"A paz nesta cidade não se estabelecerá até o fim da minha próxima encarnação, que sabe Deus não ocorrerá nunca. Como prova, deixarei esse pingente enterrado aqui, que só será achado pelo meu reencarne". Teria sido essa as últimas palavras de Otávio, o fundador de Palmeirão, antes de enterrar um pingente na gruta de águas cristalinas e morrer, aos pés da Santa Cecília, padroeira da cidade, em 2 de fevereiro de 1696.
Desculpe-me, caro leitor, por não me apresentar. Meu nome é Roberto Campos. Sou um dos poucos intelectuais desta cidade, que, hoje, é banhada pela calmaria e sutileza de seus amados filhos.
Hoje é 4 de junho de 2020. Para muitos, uma data como qualquer outra. Para esta cidade não, pois há 85 anos a Era de Trevas, como ficou conhecido aquele período, findou-se graças a Cecília Gomes Valadares, a mais ilustre integrante da Família Valadares.
Nesta data, tudo na cidade se fecha. A igreja, que se aglomerava de fiéis e devotos no seu interior, fechava as portas e se enchia de velas acesas, enquanto esses mesmos fiéis e devotos faziam vigília fora dela.

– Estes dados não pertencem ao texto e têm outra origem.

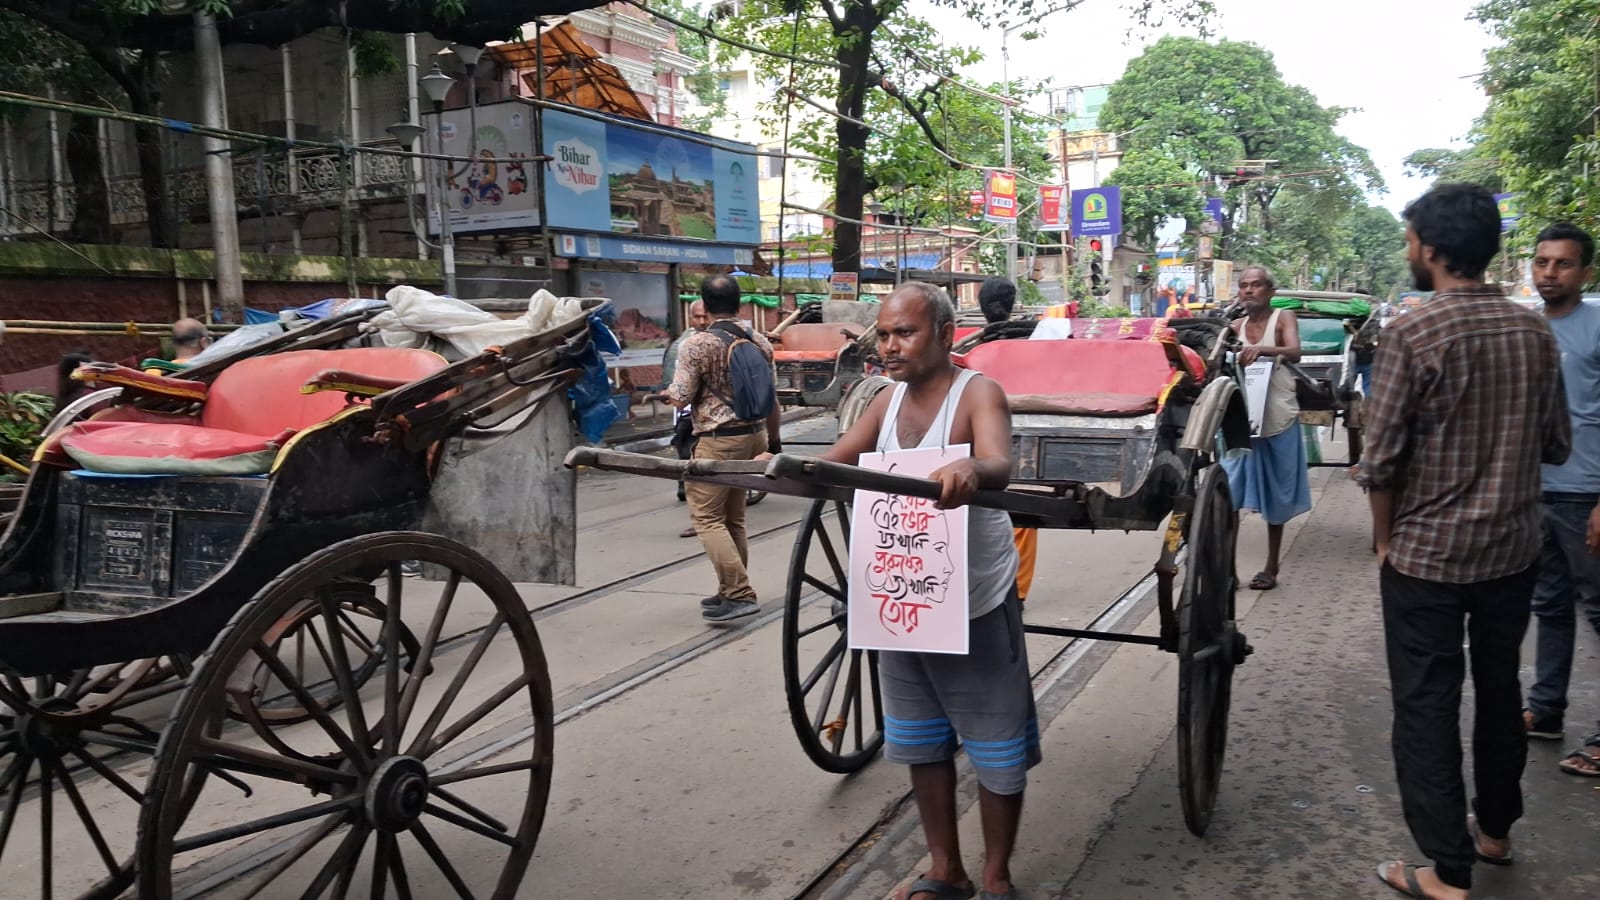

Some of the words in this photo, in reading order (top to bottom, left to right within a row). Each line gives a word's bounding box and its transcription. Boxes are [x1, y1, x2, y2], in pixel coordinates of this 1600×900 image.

Cecília Valadares é uma santa já marcada no imaginário popular. Às 6 horas da noite, os sinos da igreja badalam. E a multidão, carregando ramos, flores e velas acesas partiam, em procissão, ao museu Gomes Valadares, hoje tombado pelo Patrimônio Histórico.
Encanta-me até hoje vê toda essa devoção em torno daquela jovem moça, que hoje só resta algumas vestimentas e aquele retrato, que fora feito horas antes de sua morte. Não deve ser fácil para uma família superar a morte de uma moça de apenas 28 anos.
Há quem diga que o espírito dela ronda até hoje a gruta, outros dizem que ela ronda a sua antiga casa, outros dizem que ela ronda a igreja. Nunca a vira em nenhum desses três lugares, mas sinto uma energia diferente quando estou neles. De fato, não sei o que é.
"Jacinto! Jacinto!" São as palavras que dizem sair da boca do pobre espírito
A minha vó, que é a mais devota dos meus parentes, sempre acreditou que a Cecília Gomes Valadares fizesse milagres. Curou-se da febre tifoide, da lepra e de um câncer de mama graças às preces que fazia à santa Cecília Gomes Valadares. Ela é também é a única pessoa viva que conheceu a moça. Recorda muito bem dela, mesmo que na época que ela morrera tivesse apenas dez anos.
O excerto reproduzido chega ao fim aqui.